ASSIGNMENT AND ASSUMPTION AGREEMENT
(PCRB 1993B LOAN AGREEMENT)

        This Assignment and Assumption Agreement (PCRB 1993B Loan Agreement) (this "Assignment and Assumption Agreement") is made and entered into as of November 15, 2002 between NorthWestern Energy, L.L.C. ("Assignor", formerly known as The Montana Power, L.L.C., successor to the Montana Pollution Control Revenue Refunding Bonds by merger to The Montana Power Company ("MPC")), and NorthWestern Corporation ("Assignee").

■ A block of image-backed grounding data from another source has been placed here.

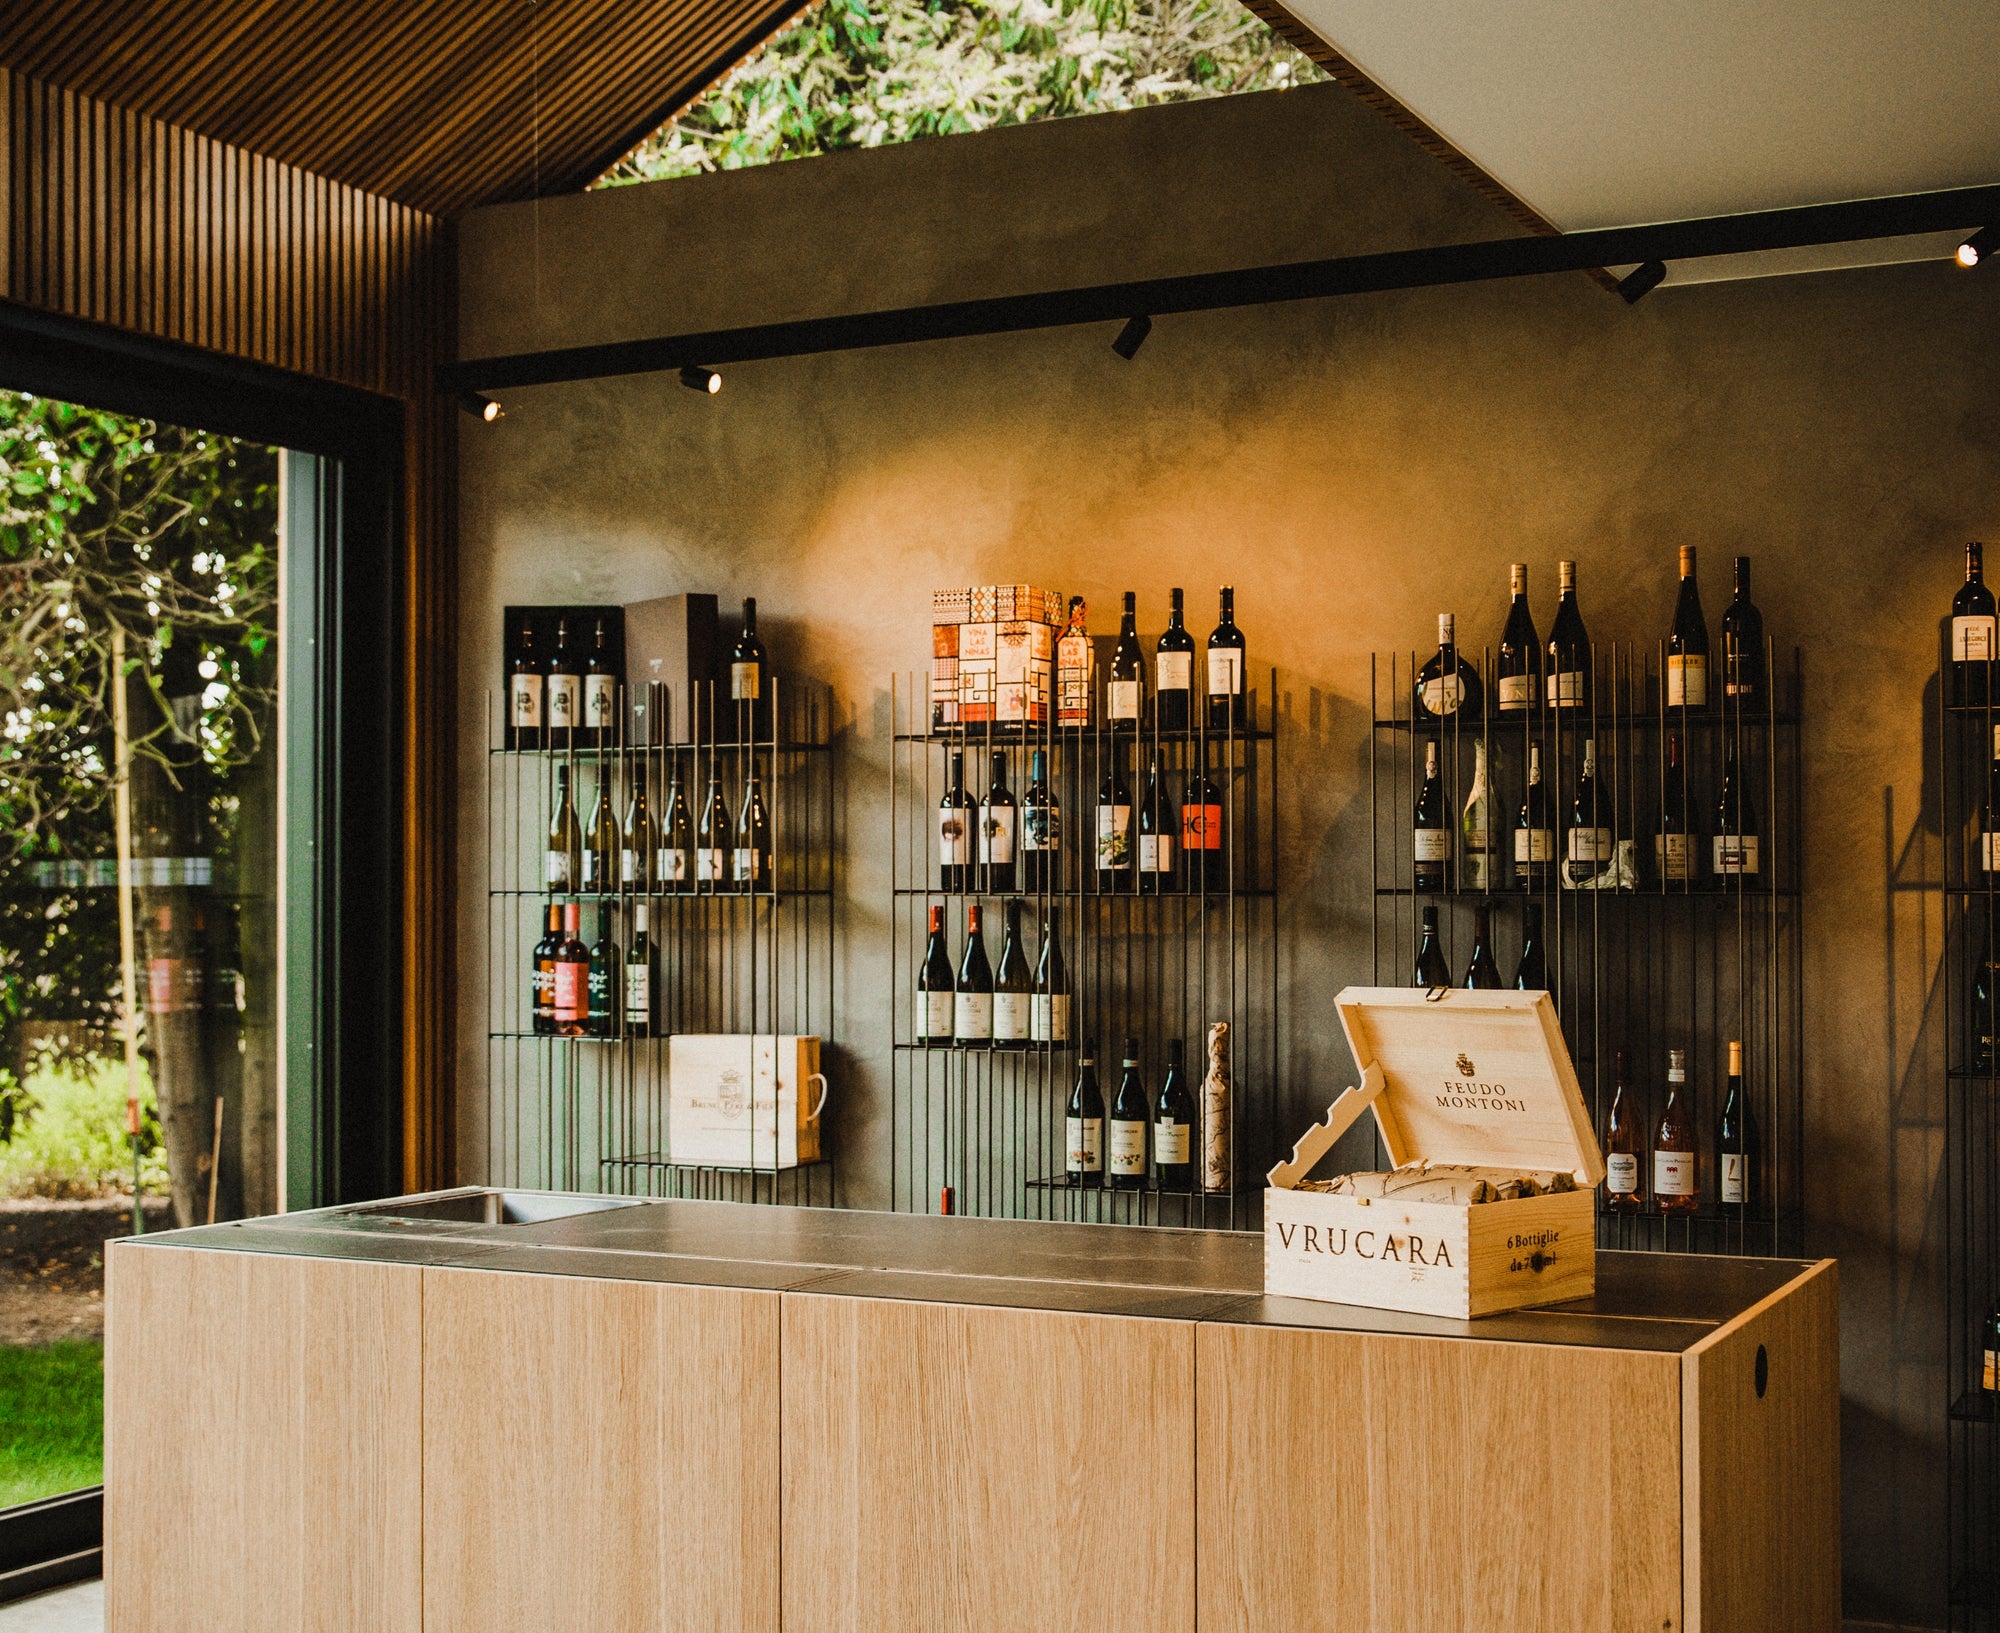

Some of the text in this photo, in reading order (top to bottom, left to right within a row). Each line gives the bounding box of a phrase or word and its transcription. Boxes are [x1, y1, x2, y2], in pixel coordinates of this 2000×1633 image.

[1062, 647, 1078, 656] LAS
[1444, 1082, 1506, 1096] FEUDO
[1436, 1096, 1526, 1112] MONTONI
[1276, 1222, 1454, 1268] VRUCARA
[1507, 1229, 1559, 1249] 6 Bottiglie
[1510, 1258, 1522, 1272] da
[1544, 1252, 1556, 1267] ml
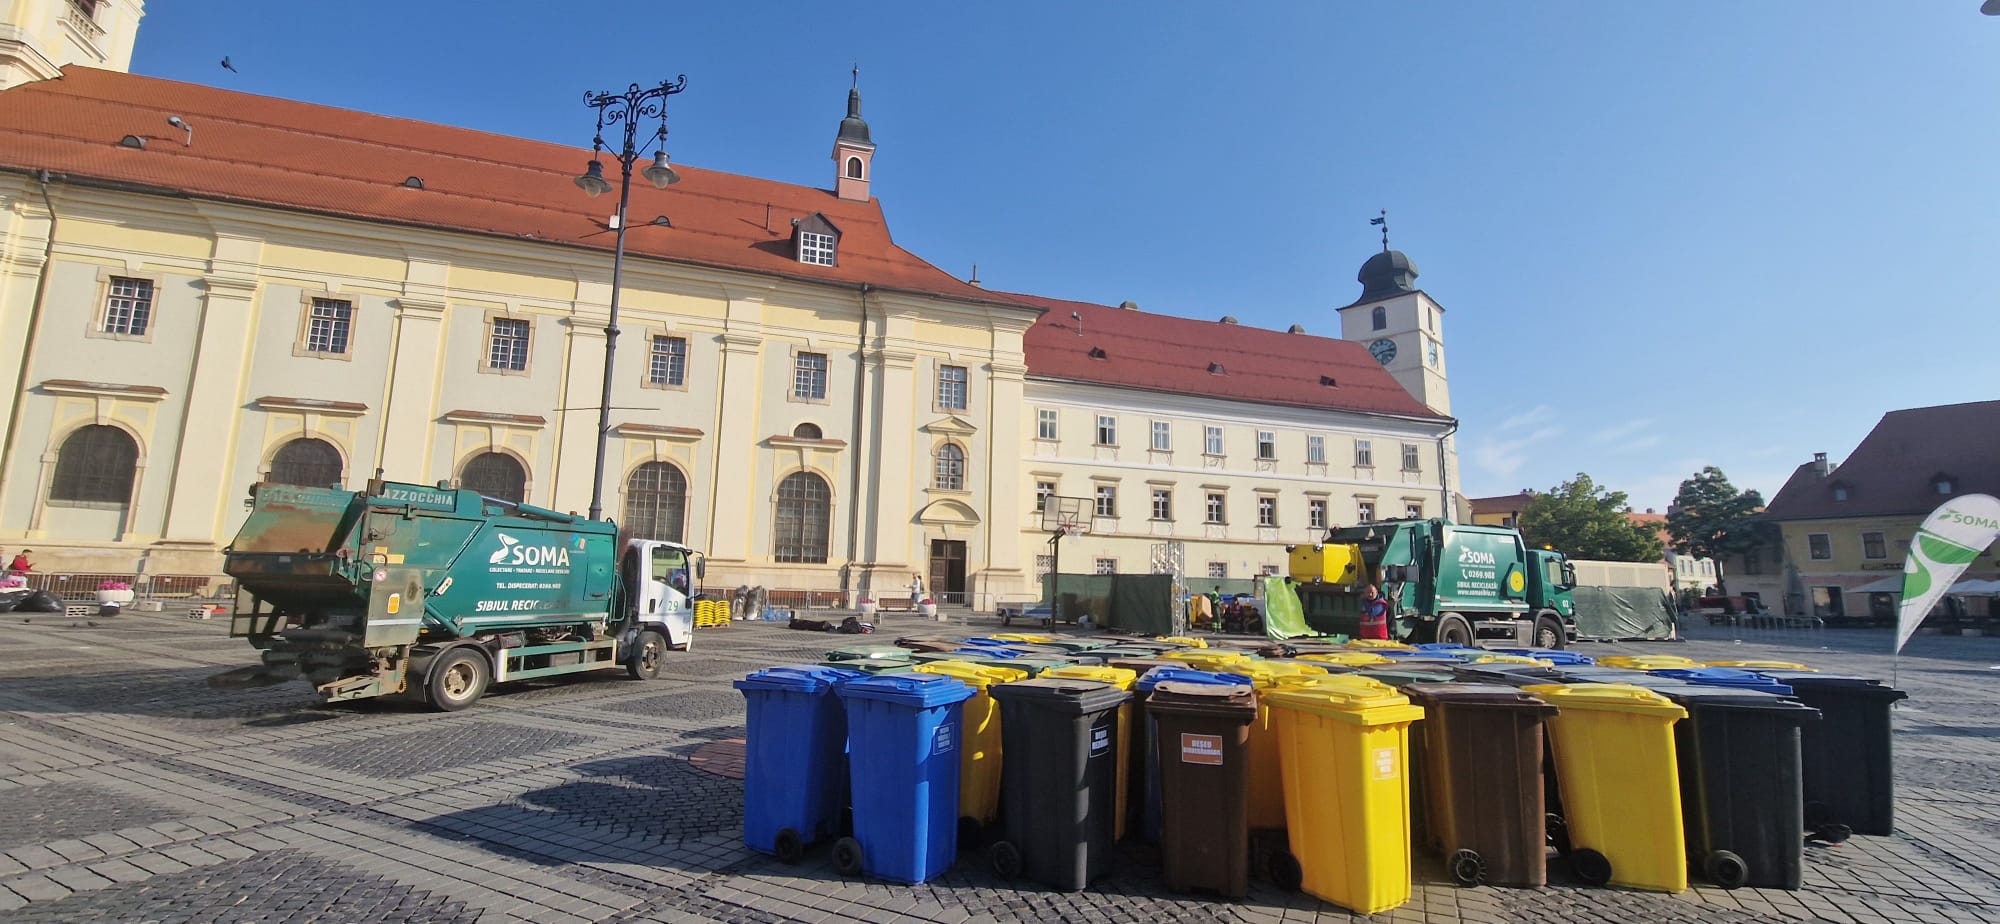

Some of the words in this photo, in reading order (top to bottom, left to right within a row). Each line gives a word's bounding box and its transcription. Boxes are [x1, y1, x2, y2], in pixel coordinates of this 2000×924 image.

[377, 488, 453, 505] AZZOCCHIA
[1952, 513, 1999, 529] SOMA
[512, 545, 569, 566] SOMA
[1467, 551, 1495, 564] SOMA
[475, 600, 509, 612] SIBIUL
[668, 600, 679, 612] 29

        WHEREAS, Assignor and the City of Forsyth, Rosebud County, Montana (the "City of Forsyth"), are parties to that certain Loan Agreement, dated as of December 1, 1993, as amended and supplemented by the First Supplemental Loan Agreement dated September 21, 2001, and as otherwise amended, supplemented or modified from time to time (the "1993B Loan Agreement");

        WHEREAS, the City of Forsyth and Bank One Trust Company, N.A. (as successor in interest to The First National Bank of Chicago) (the "Trustee") are party to an Indenture of Trust, dated December 1, 1993 (the "Indenture") relating to the Pollution Control Revenue Bonds Series 1993B;

        WHEREAS, pursuant to the 1993B Loan Agreement, Assignor has pledged and delivered to Trustee its First Mortgage Bonds (as defined therein);

        WHEREAS, pursuant to the Asset and Stock Transfer Agreement, dated as of November 15, 2002, between Assignor and Assignee, the parties propose to consummate a restructuring transaction involving the assignment by Assignor to Assignee and the assumption by Assignee of substantially all of Assignor's assets and liabilities (the "Transaction"); and

        WHEREAS, in connection with the Transaction and pursuant to Section 6.01 of the 1993B Loan Agreement, Assignor and Assignee are entering into this Assignment and Assumption Agreement to specifically transfer and assign to Assignee, and for Assignee to assume, all of Assignor's rights and obligations under the 1993B Loan Agreement and the First Mortgage Bonds;

        NOW, THEREFORE, for and in consideration of the premises and the mutual covenants contained herein, and for other good and valuable consideration, the receipt, adequacy and legal sufficiency of which are hereby acknowledged, the parties do hereby agree as follows:

1.
All capitalized terms set forth herein and not otherwise defined herein shall have the meaning given to them in the Indenture and the 1993B Loan Agreement.

2.
Assignor hereby assigns, transfers and conveys and sets over to Assignee, its successors and assigns, from and after the date hereof (collectively, the "Assignment") all of Assignor's rights, interests, title, benefits and privileges in and to, and all of Assignor's obligations and liabilities in connection with, each of the following (collectively, the "Assigned Agreements"):

(a)
the 1993B Loan Agreement;

(b)
the First Mortgage Bonds;

(c)
the Tax Exemption Certificate and Agreement, by and among the Issuer, Assignor and the Trustee, with respect to the Bonds, dated June 30, 1993; and

(d)
the Project Certificate of Assignor, with respect to the Bonds, dated June 30, 1993.

3.
Assignee hereby accepts the Assignment and assumes and agrees, from and after the date hereof to pay, perform and discharge when due all of Assignor's obligations and liabilities under, and to assume the due and punctual performance and observances of each term, covenant, condition and promise in the Assigned Agreements, to be performed and observed by Assignor, as fully and completely as though it were originally named therein.

4.
This Agreement shall be governed by and construed in accordance with the laws of the State of Montana, determined without reference to principles of conflicts of laws.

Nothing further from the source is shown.